The typical extraction syntax is:

DFIR-Orc.exe GetThis /extract=c:\Data\Samples.cab /out=c:\temp

Note

There is no need to specify a XOR pattern. If the content is XORed by GetThis, names are prefixed by XOR_XORPATTERN. In this case, the XOR_PATTERN is used to XOR file content before being written to output directory.

Typical Usage Examples

Samples with Wildcards

The typical command line to collect all samples matching “ker*.dll” on the system drive would be:

DFIR-Orc.exe GetThis /nolimits /sample=ker*.dll /out=%TEMP% %SystemDrive%\

Equivalent XML Syntax:

<getthis nolimits="">

    <output>%TEMP%</output>

    <location>%SystemDrive%\</location>

    <samples>
        <sample>
            <ntfs_find name_match="ker*.dll" />
        </sample>
    </samples>

</getthis>

Samples from an Alternate Data Stream

The typical command line to collect all samples, residing in an Alternate Data Stream named calc.exe in any file of the file system is:

DFIR-Orc.exe GetThis /nolimits /sample=*:calc.exe /out=%TEMP% %SystemDrive%\

Equivalent XML Syntax:

<getthis nolimits="" >

    <output>%TEMP%</output>

    <location>%SystemDrive%\</location>

    <samples>
        <sample name="calc" >
            <ntfs_find ads="calc.exe" />
        </sample>
    </samples>

</getthis>

The syntax for Alternate Data Stream sample collection is typically:

DFIR-Orc.exe GetThis /sample=HostFileName.txt:Malware*.exe

In this example, GetThis looks for any ADS matching Malware*.exe in a record named HostFileName.txt.
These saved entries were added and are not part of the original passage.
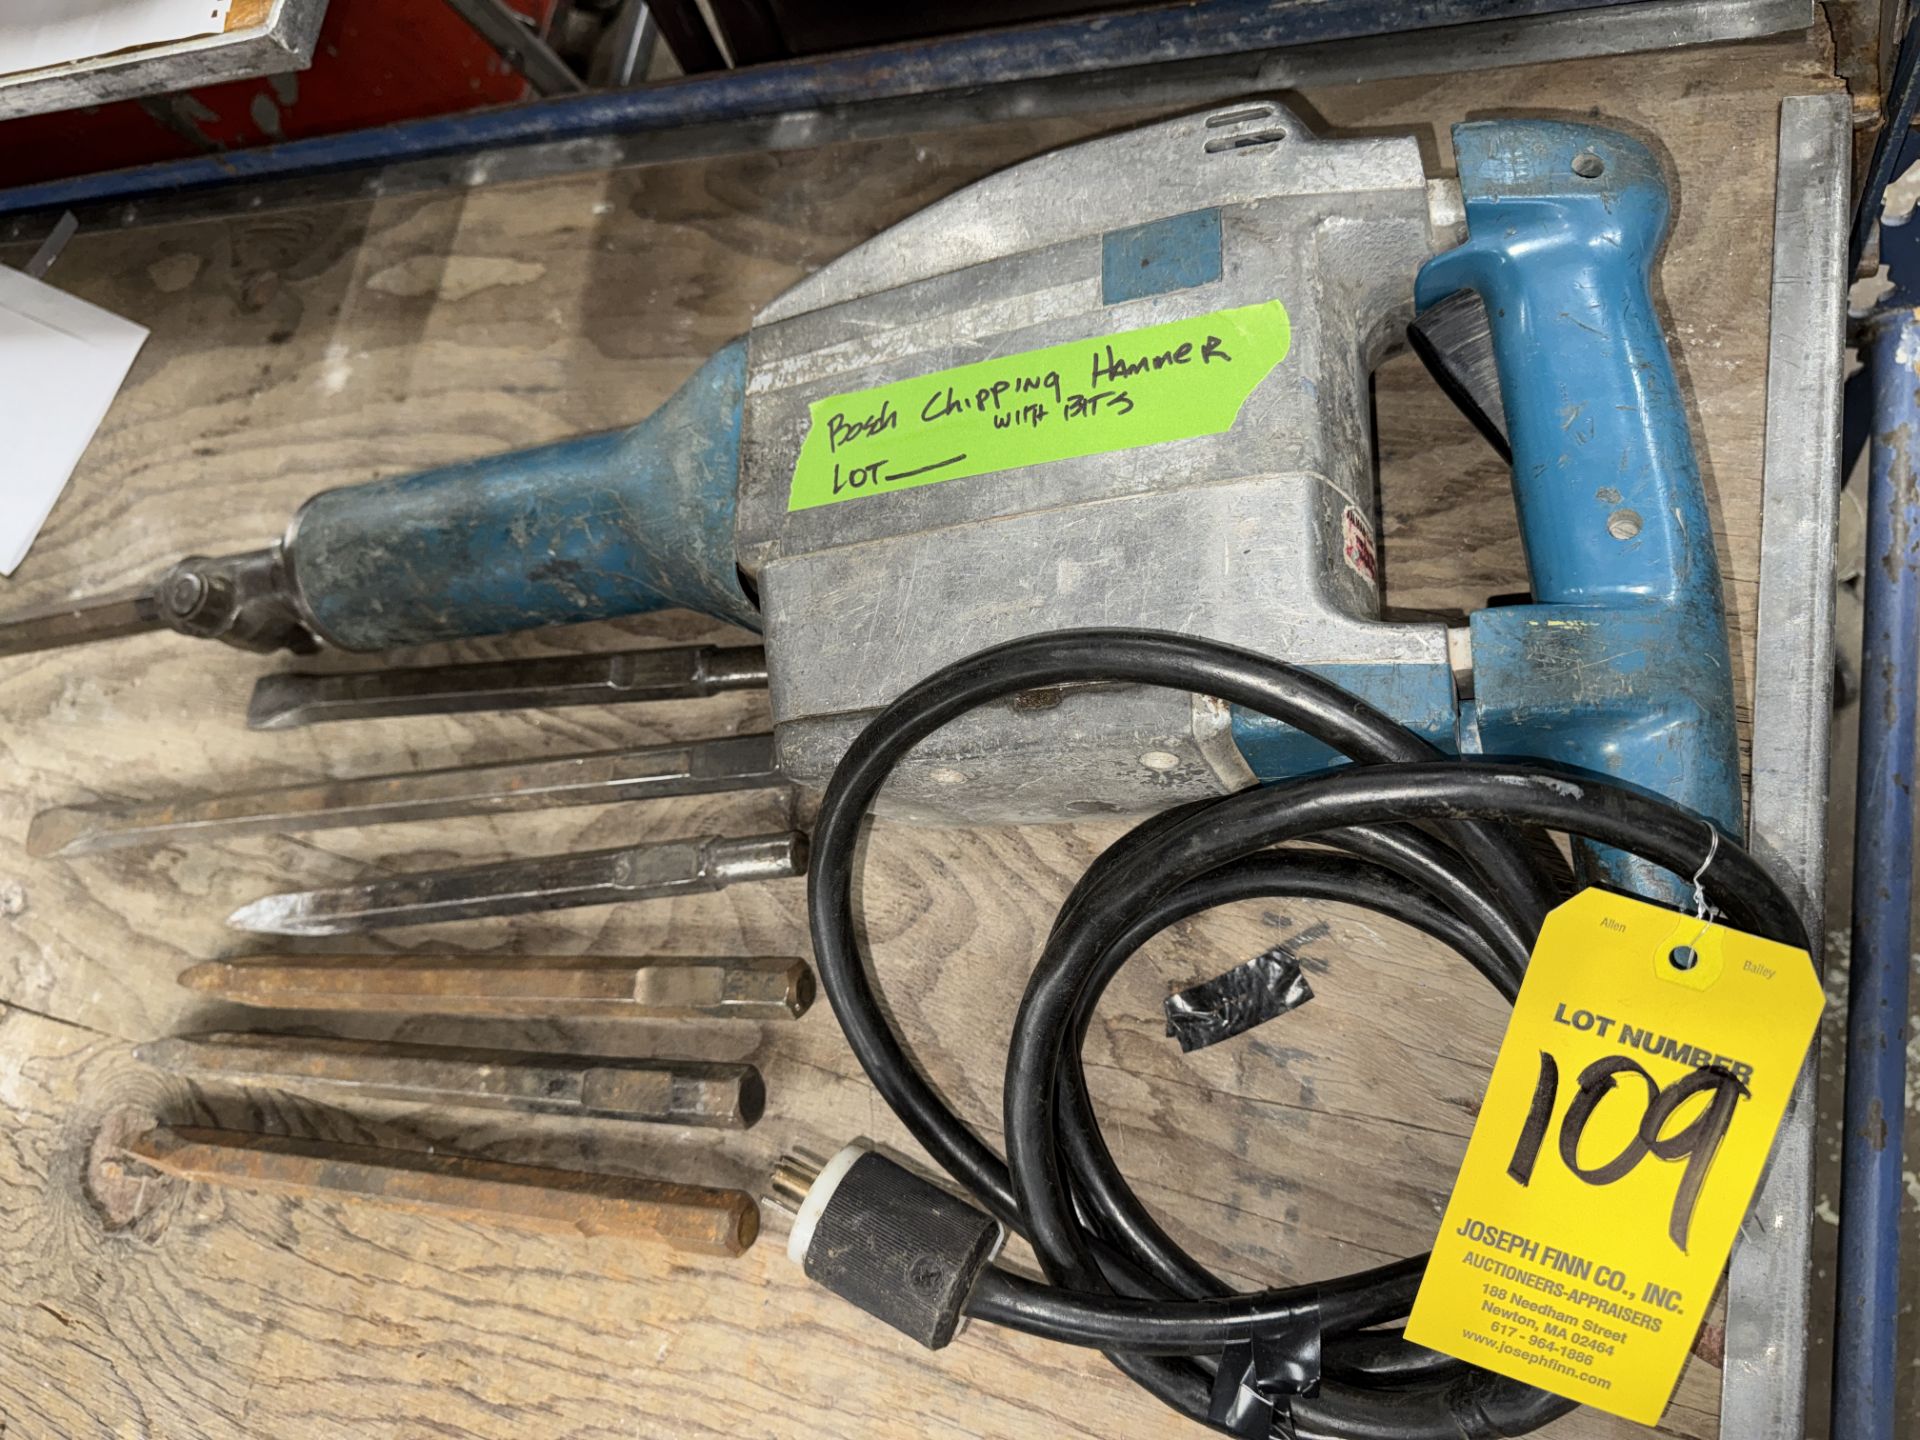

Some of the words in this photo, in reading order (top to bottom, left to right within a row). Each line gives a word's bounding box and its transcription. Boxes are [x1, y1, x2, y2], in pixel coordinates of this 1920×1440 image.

[1600, 917, 1627, 934] Allen
[1742, 959, 1777, 980] Bailey
[1553, 1003, 1616, 1037] LOT
[1617, 1024, 1754, 1086] NUMBER
[1506, 1050, 1752, 1256] 109
[1456, 1218, 1540, 1262] JOSEPH
[1539, 1245, 1593, 1281] FINN
[1593, 1265, 1636, 1300] CO.,
[1641, 1281, 1684, 1315] INC.
[1462, 1251, 1663, 1332] AUCTIONEERS-APPRAISERS
[1481, 1300, 1540, 1331] Newton,
[1543, 1322, 1568, 1341] MA
[1570, 1332, 1615, 1357] 02464
[1482, 1283, 1508, 1301] 188
[1509, 1292, 1579, 1327] Needham
[1581, 1318, 1628, 1344] Street
[1490, 1320, 1518, 1338] 617
[1528, 1333, 1595, 1367] 964-1886
[1462, 1328, 1612, 1390] www.josephfinn.com
Samples from an Extended Attribute

The syntax for Extended Attribute sample collection is typically:

DFIR-Orc.exe GetThis /sample=HostFileName.txt#Malware*.exe

Equivalent XML Syntax:

<getthis nolimits="" >

    <output>%TEMP%</output>

    <location>%SystemDrive%\temp</location>

    <samples>
        <sample name="Malware" >
            <ntfs_find name="HostFileName.txt" ea_match="Malware*.exe" />
        </sample>
    </samples>

</getthis>

In this example, GetThis looks for any extended attribute matching Malware*.exe in a record named HostFileName.txt.